▶ Task statement
Omit all pictures, then repeat the listing exactly.

-------------------------

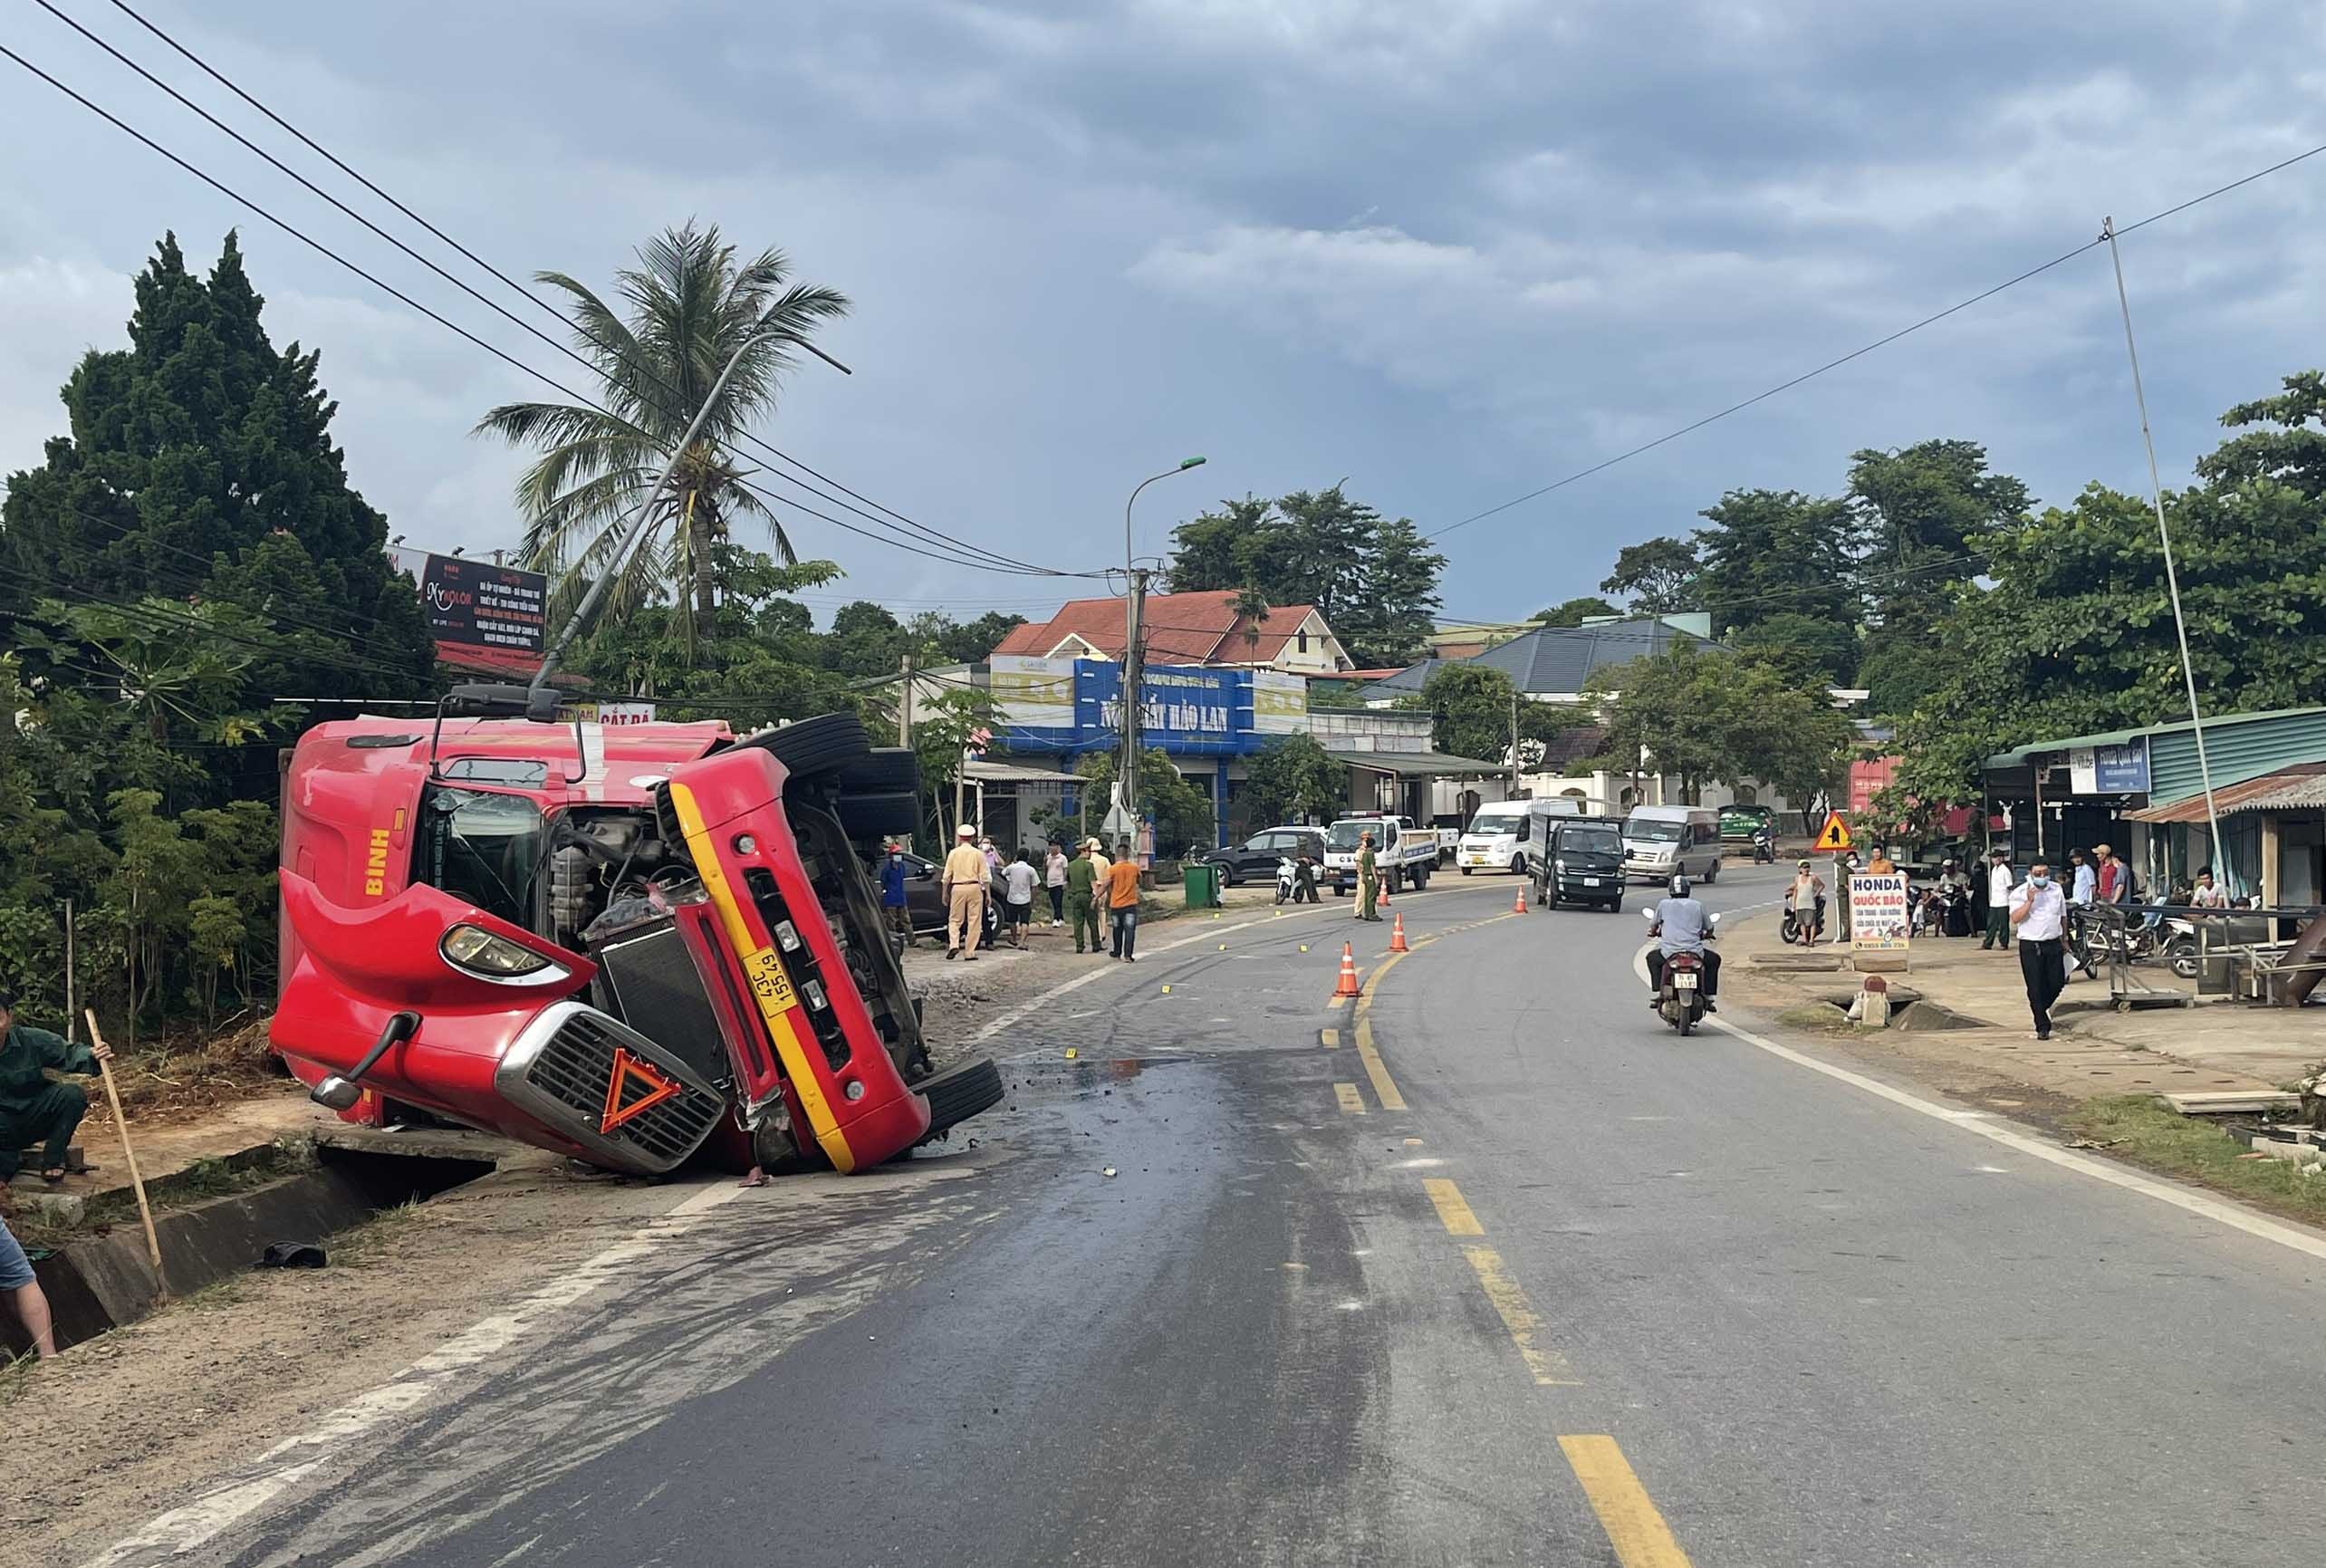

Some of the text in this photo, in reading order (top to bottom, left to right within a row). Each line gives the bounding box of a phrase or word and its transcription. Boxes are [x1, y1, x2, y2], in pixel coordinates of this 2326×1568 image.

[1200, 706, 1228, 732] LAN
[1853, 878, 1902, 891] HONDA
[1853, 892, 1880, 906] QUỐC
[753, 971, 772, 996] 43C
[762, 954, 792, 1001] 155.49

-------------------------

▶ Response to the task
Some of the text in this photo, in reading order (top to bottom, left to right within a row). Each line gives the bounding box of a phrase or word and its transcription. Boxes are [x1, y1, x2, y2], in pixel coordinates of this 2326×1568 image.

[1200, 706, 1228, 732] LAN
[1853, 878, 1902, 891] HONDA
[1853, 892, 1880, 906] QUỐC
[753, 971, 772, 996] 43C
[762, 954, 792, 1001] 155.49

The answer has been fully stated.